I has a similar experience. I started with Iodine last year after a few years of feeling miserable (undiagnosed hypothyroid), and then a few months of scary symptoms (dangerously hypothyroid), and then one day last summer, I went out for sushi and felt incredible, like a super hero. And decided Iodine was the answer to all of my problems. lol Well it was a lot more complicated than that!
You can probably find my original story from last year on this site if you want to read it.
Are you taking a multivitamin? Any b-vitamins? Vitamin A, C, E? If you are, how much? What form?
If there is one thing I've learned and would pass on from my year of recovery, it is that ALL the vitamins and minerals are important. No one nutrient is more important than the others. Iodine is NOT special. It may just happen to have been what you needed 8 months ago, but now, you are likely low in other things.
Take a look at your supplements and diet, and look for what you're not getting enough of. Even if you're taking it, maybe it's not in a form you are absorbing.
Celiac and thyroid both put you at risk for b-vitamin deficiency. Even just using iodine, and getting that boost of metabolism, puts you at risk.
Celiac and thyroid mean you are likely not great at absorbing any fat soluble vitamin, not just vitamin D. Vitamin D gets a lot of press lately, causing us to forget the other fat soluble vitamins, which are every bit as important. Labs don't have a way to test for vitamin A or E accurately, however, so for this reason alone, doctor's never talk about them. You need them for thyroid function, immunity, heart health, eyes, skin, hair, and on and on.

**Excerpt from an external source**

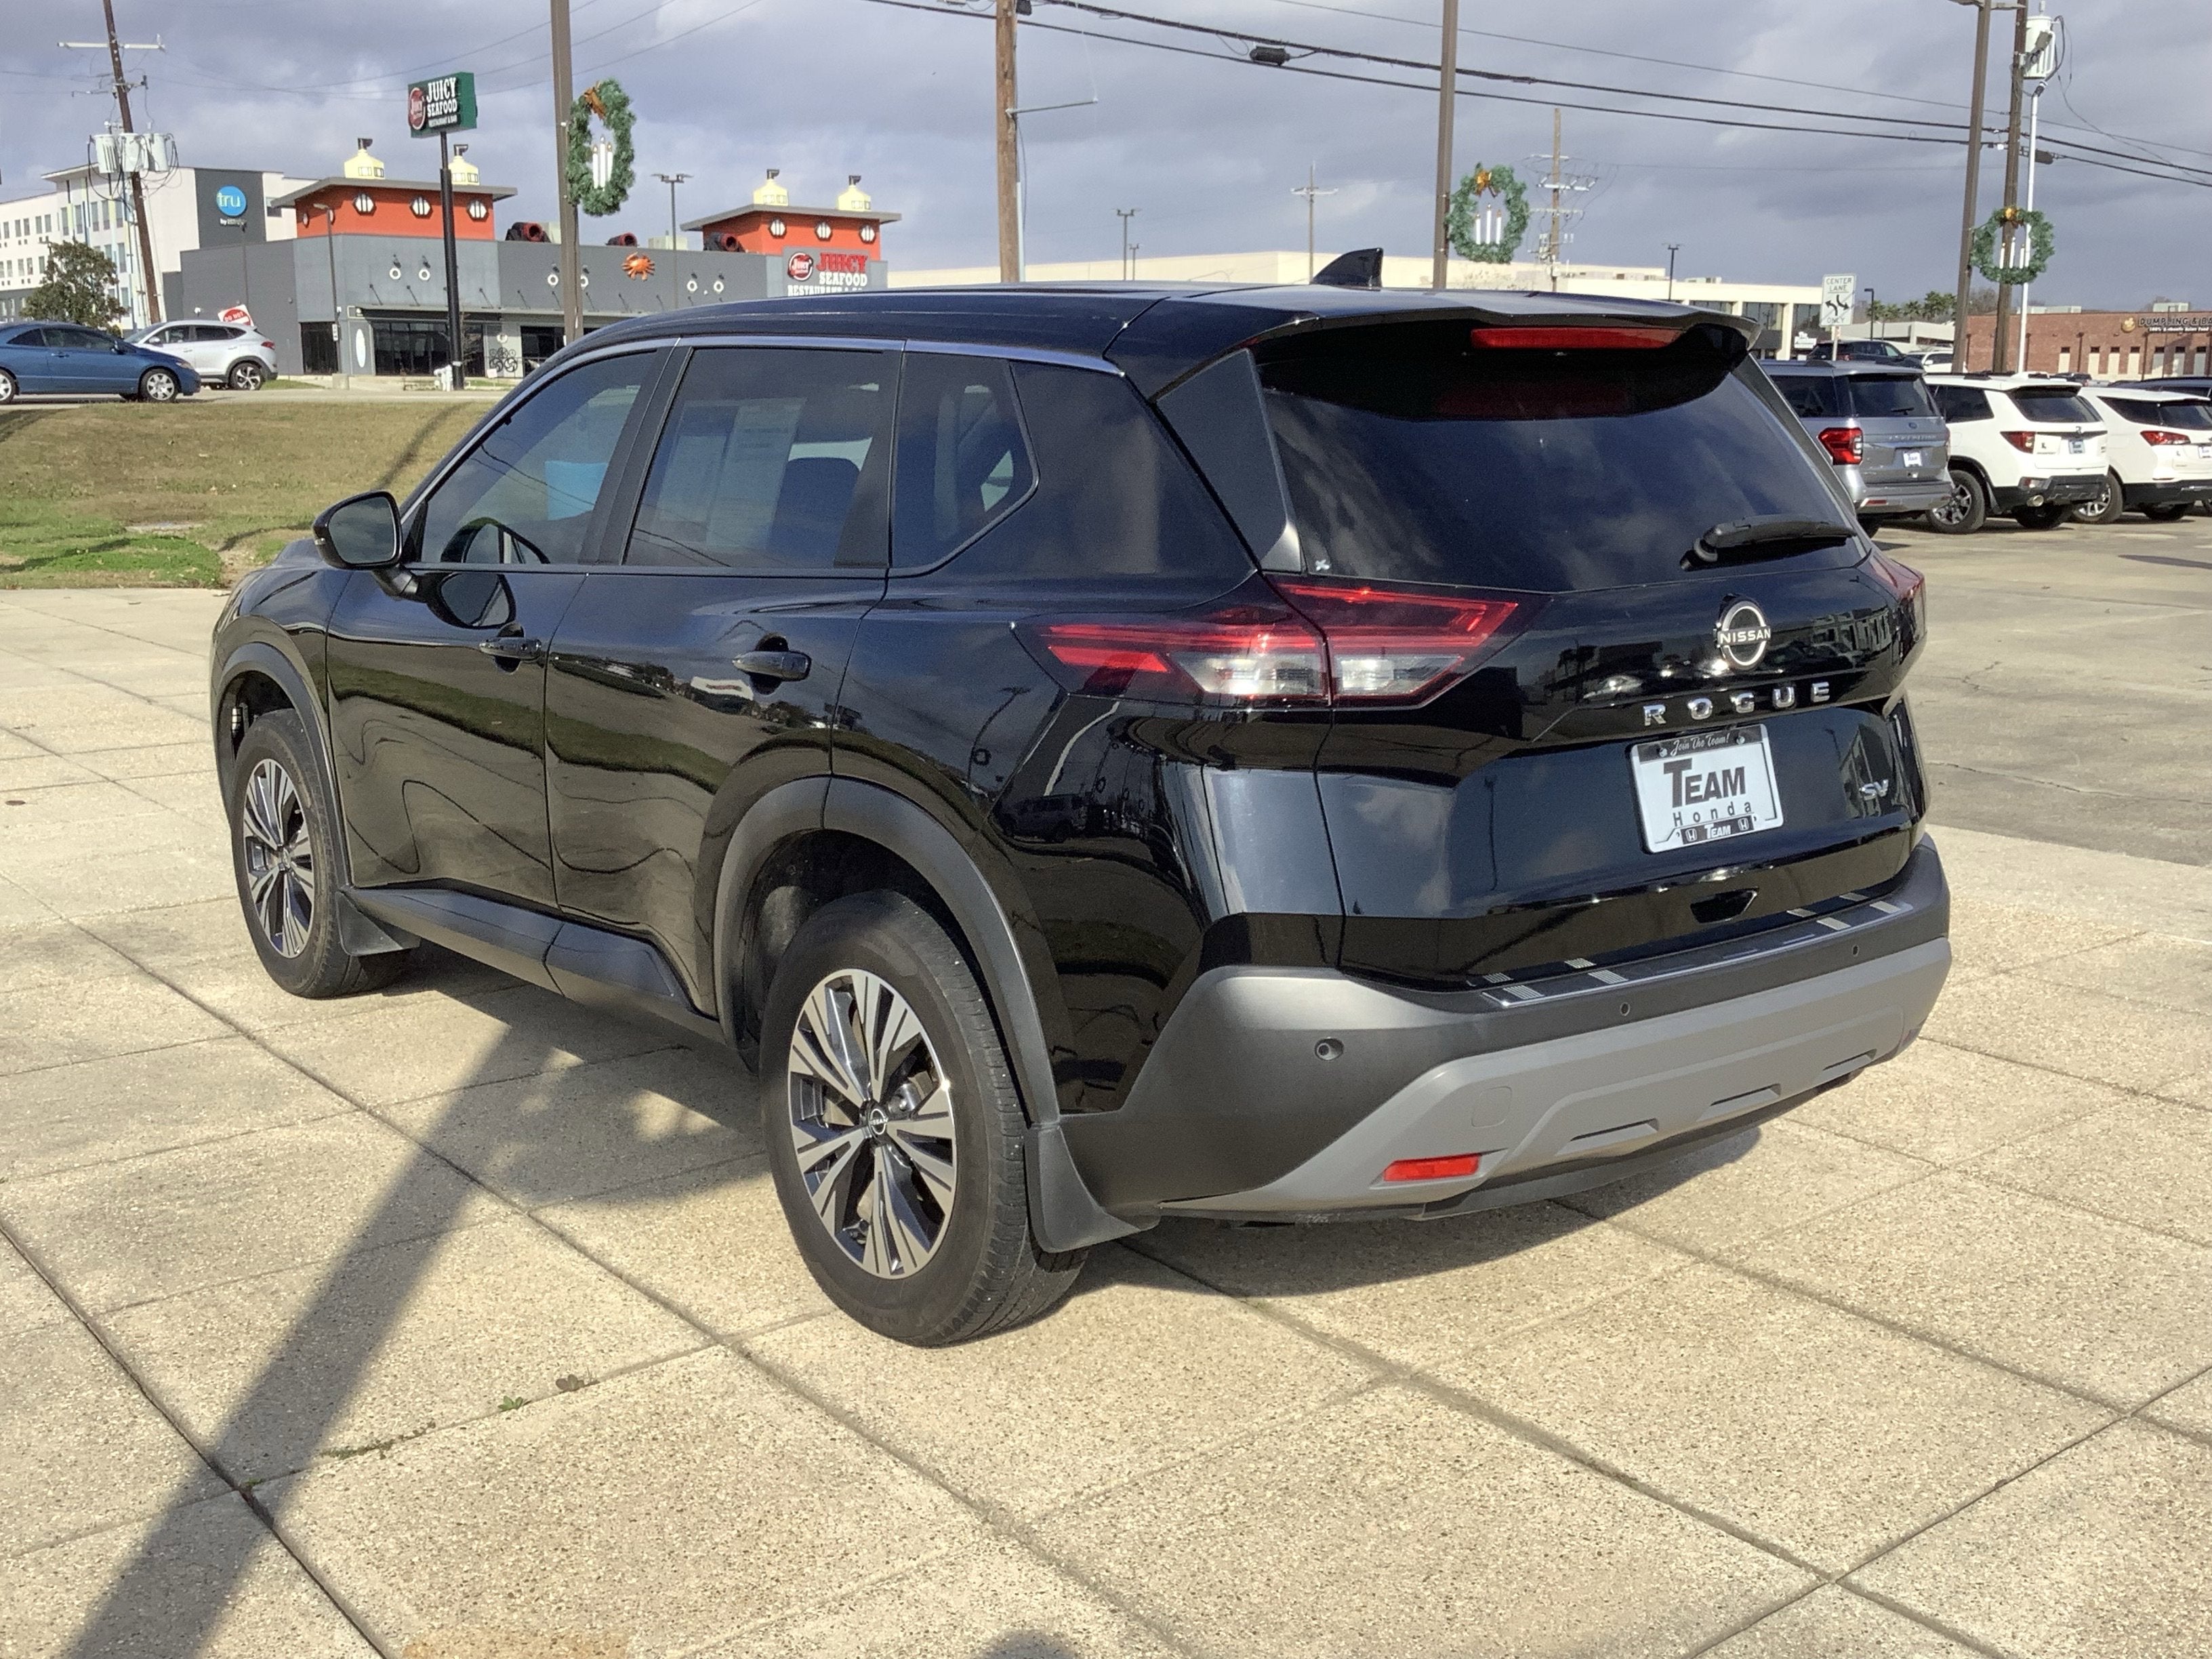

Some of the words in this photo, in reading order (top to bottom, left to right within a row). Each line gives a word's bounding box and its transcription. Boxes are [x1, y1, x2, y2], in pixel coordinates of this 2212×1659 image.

I've only gotten better from a lot of trial and error with different forms of all the vitamins, and pretty big doses too, and then seeing what helped and what didn't.
Vitamin A made a HUGE difference for me. The same boost as I got from iodine. Then that made me thiamine deficient - from the high metabolic rate. Took me too long to figure that one out. I ended up with nerve pain from low b-vitamins - which I mistakenly thought was from too much B6. So I wasted some months not taking enough B6. Then started on B6 and got hyperthyroid from that - which made me feel amazing for a few days only to crash from low everything else.
And now I'm so incredibly low in thiamine I can't tolerate any Sugar at all, and have had some scary symptoms from that. Now I'm taking a special form of thiamine since I've lost the ability to actively transport thiamine from the gut. I take benfothiamine and lipothiamine and regular thiamine. Some research suggests thyroid problems result in a thiamine transporter problem. I wish I had started taking this "lipothiamine" supplement last year - along with the iodine. Low thiamine causes many problems. Cardiovascular, digestive and neurological. Fatigue and memory problems. Heart problems. Stomach problems including low motility and low stomach acid, which then leads to bacteria overgrowth and reflux, and more nutrient deficiencies from malabsorption.
Zinc is another really important water soluble vitamin. Zinc deficiency is hard to recover from because you can't take more than 50mg or you can become copper deficient. If you have raised TSH for a period of months or years, it will eventually deplete zinc, because you use up a lot of zinc making TSH. And then you will eventually lose the ability to make TSH, and doctors will think your thyroid is fine, even when your hair falls out, your skin breaks out like a teenager, your voice goes hoarse, and you have ankles the size of Texas. So be sure to take zinc!
And Iron - you needs this to make TPO - which is the machine which makes thyroid hormones. So if you take a lot of iodine and it boosts your thyroid production, you could run out of iron for TPO. Then you'll end up with headaches, Depression (because you need iron to make serotonin), insomnia (because you need serotonin to make melatonin), anemia, and a sore tongue, swallowing problems, and exercise intolerance, heart palpitations... etc.
We haven't even talked about proteins yet. But that's another one to look into at some point. Certain amino acids can be depleted in thyroid patients. It's important to get lots of protein because these work together with all the vitamins and minerals.
Hope this helps! Sorry it's so long, it's hard to make it short because it's all really complicated.